Plasmid Isolation using Quiagen QIAprep Spin Miniprep: Protocol
Preparation and clearing of bacterial lysate
The QIAprep miniprep procedure uses the modified alkaline lysis method of Birnboim and Doly. Bacteria are lysed under alkaline conditions, and the lysate is subsequently neutralized and adjusted to high-salt binding conditions in one step. After lysate clearing, the sample is ready for purification on the QIAprep silica membrane. Lysates are cleared by centrifugation.
1. Pick a single colony from a freshly streaked selective plate and inoculate a culture of 1–5 ml LB medium containing the appropriate selective antibiotic. Incubate for 12–16 h at 37°C with vigorous shaking.
Growth for more than 16 h is not recommended since cells begin to lyse and plasmid yields may be reduced. Use a tube or flask with a volume of at least 4 times the volume of the culture.
2. Harvest the bacterial cells by centrifugation at > 8000 rpm (6800 x g) in a conventional, table-top microcentrifuge for 3 min at room temperature (15–25°C).
The bacterial cells can also be harvested in 15 ml centrifuge tubes at 5400 x g for 10 min at 4°C. Remove all traces of supernatant by inverting the open centrifuge tube until all medium has been drained.
This protocol is designed for purification of up to 20 µg of high-copy plasmid DNA from 1–5 ml overnight cultures of E. coli in LB (Luria-Bertani) medium. Note: All protocol steps should be carried out at room temperature.
1. Resuspend pelleted bacterial cells in 250 µl Buffer P1 and transfer to a microcentrifuge tube.
Ensure that RNase A has been added to Buffer P1. No cell clumps should be visible after resuspension of the pellet.
2. Add 250 µl Buffer P2 and mix thoroughly by inverting the tube 4–6 times.
Mix gently by inverting the tube. Do not vortex, as this will result in shearing of genomic DNA. If necessary, continue inverting the tube until the solution becomes viscous and slightly clear. Do not allow the lysis reaction to proceed for more than 5 min.
3. Add 350 µl Buffer N3 and mix immediately and thoroughly by inverting the tube 4–6 times.
To avoid localized precipitation, mix the solution thoroughly, immediately after addition of Buffer N3. Large culture volumes (e.g. ≥5 ml) may require inverting up to 10 times. The solution should become cloudy.
4. Centrifuge for 10 min at 13,000 rpm (~17,900 x g) in a table-top microcentrifuge.
5. Apply the supernatants from step 4 to the QIAprep spin column by decanting or pipetting.

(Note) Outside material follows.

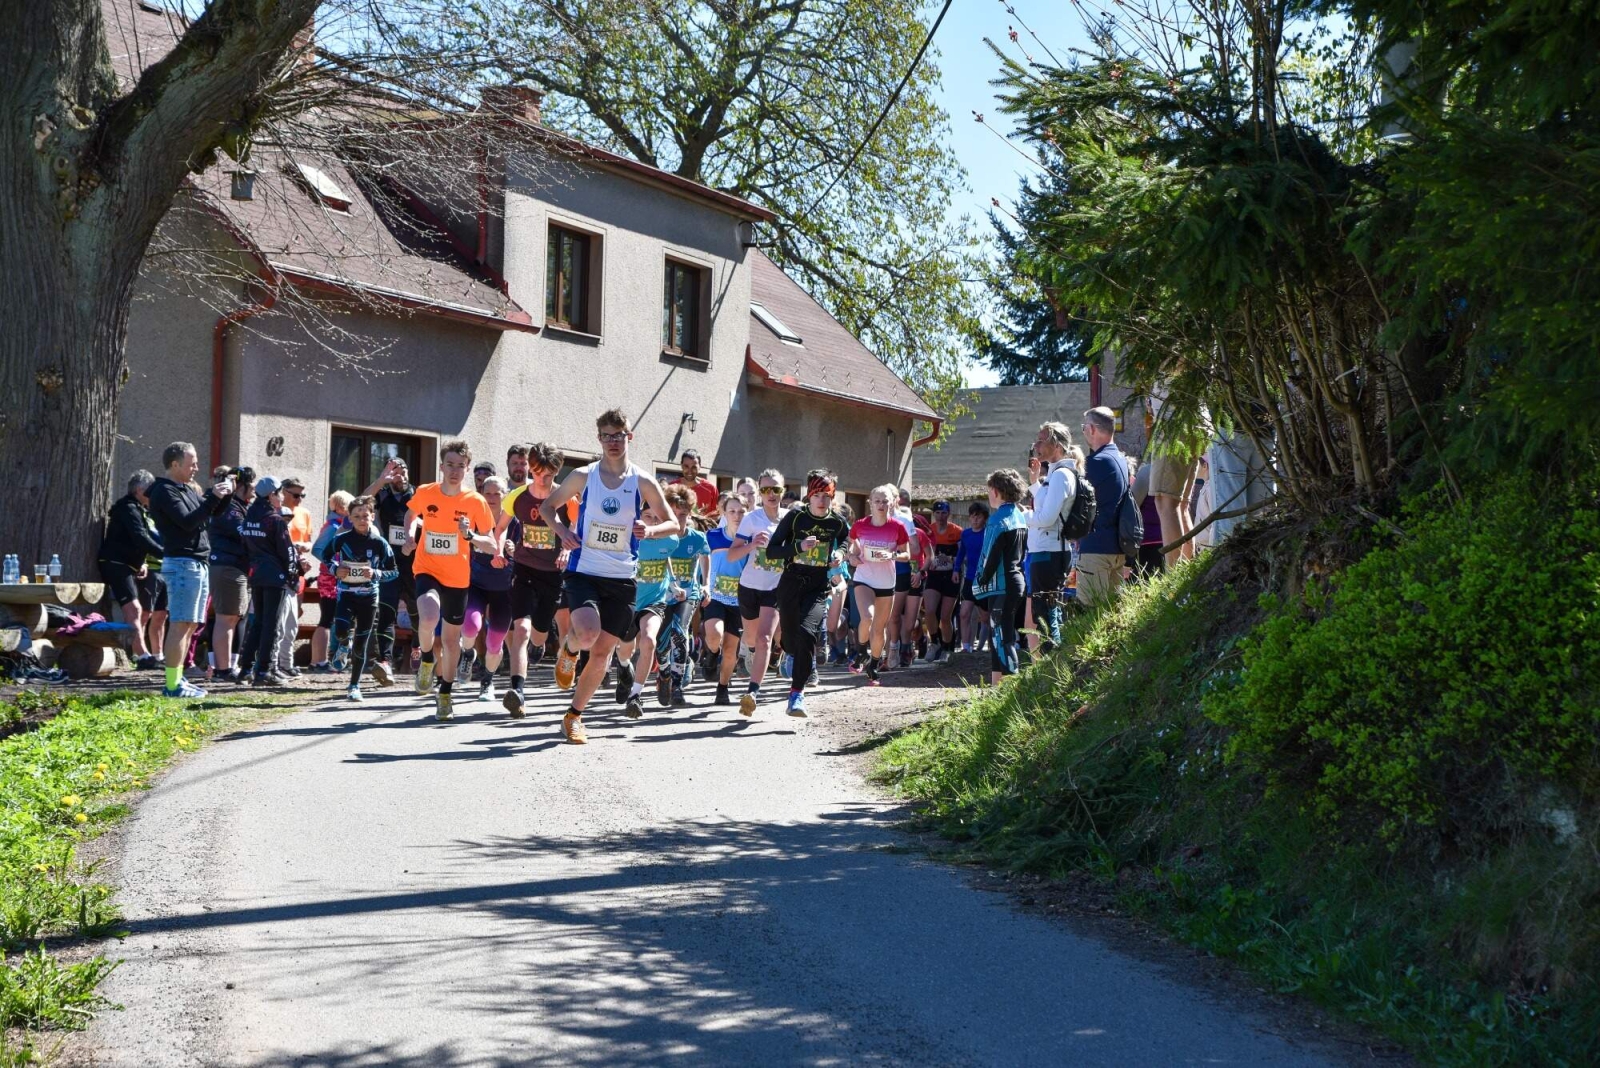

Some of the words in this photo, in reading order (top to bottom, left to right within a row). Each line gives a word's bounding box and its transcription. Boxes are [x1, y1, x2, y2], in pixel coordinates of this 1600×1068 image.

6. Centrifuge for 30–60 s. Discard the flow-through.
7. Wash QIAprep spin column by adding 0.75 ml Buffer PE and centrifuging for 30–60 s.
8. Discard the flow-through, and centrifuge for an additional 1 min to remove residual wash buffer.
Important: Residual wash buffer will not be completely removed unless the flow-through is discarded before this additional centrifugation. Residual ethanol from Buffer PE may inhibit subsequent enzymatic reactions.
9. Place the QIAprep column in a clean 1.5 ml microcentrifuge tube. To elute DNA, add 50 µl Buffer EB (10 mM Tris·Cl, pH 8.5) or water to the center of each QIAprep spin column, let stand for 1 min, and centrifuge for 1 min.